Reconstituting human somitogenesis in vitro

Abstract

The segmented body plan of vertebrates is established during somitogenesis, a well-studied process in model organisms, but remains largely elusive in humans due to ethical and technical limitations. Despite recent advances with pluripotent stem cell (PSC)-based approaches1–5, a system that robustly recapitulates human somitogenesis in both space and time remains missing. Here, we introduce a PSC-derived mesoderm-based 3D model of human segmentation and somitogenesis, which we termed Axioloids, that captures accurately the oscillatory dynamics of the segmentation clock as well as the morphological and molecular characteristics of segmentation and sequential somite formation in vitro. Axioloids show proper rostrocaudal patterning of forming segments and robust anterior-posterior FGF/WNT signaling gradients and Retinoic Acid (RA) signaling components. We identify an unexpected critical role of RA signaling in the stabilization of forming segments, indicating distinct, but also synergistic effects of RA and extracellular matrix (ECM) on the formation and epithelialization of somites. Importantly, comparative analysis demonstrates striking similarities of Axioloids to the human embryo, further validated by the presence of the HOX code in Axioloids.
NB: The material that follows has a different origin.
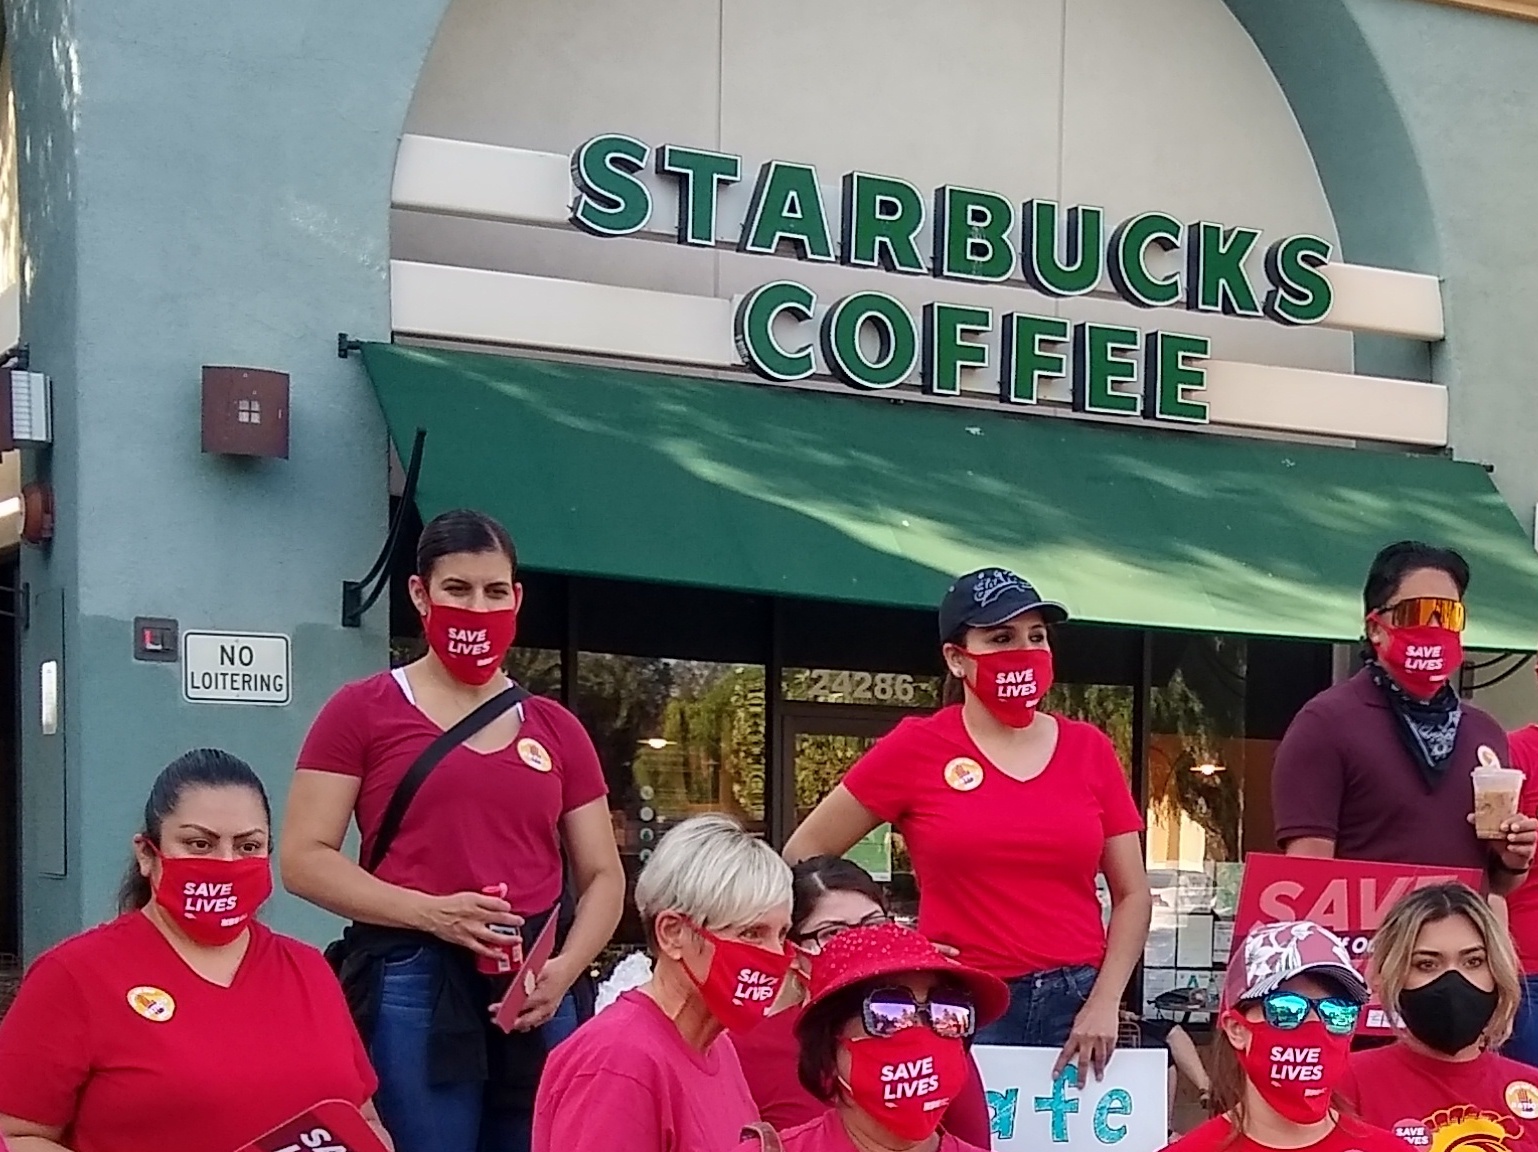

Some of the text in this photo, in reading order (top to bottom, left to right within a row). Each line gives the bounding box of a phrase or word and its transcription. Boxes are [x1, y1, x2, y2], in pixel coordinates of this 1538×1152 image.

Lastly, we demonstrate the utility of our Axioloid system to study the pathogenesis of human congenital spine diseases, by using patient-like iPSC cells with mutations in HES7 and MESP2, which revealed disease-associated phenotypes including loss of epithelial somite formation and abnormal rostrocaudal patterning. These results suggest that Axioloids represent a promising novel platform to study axial development and disease in humans.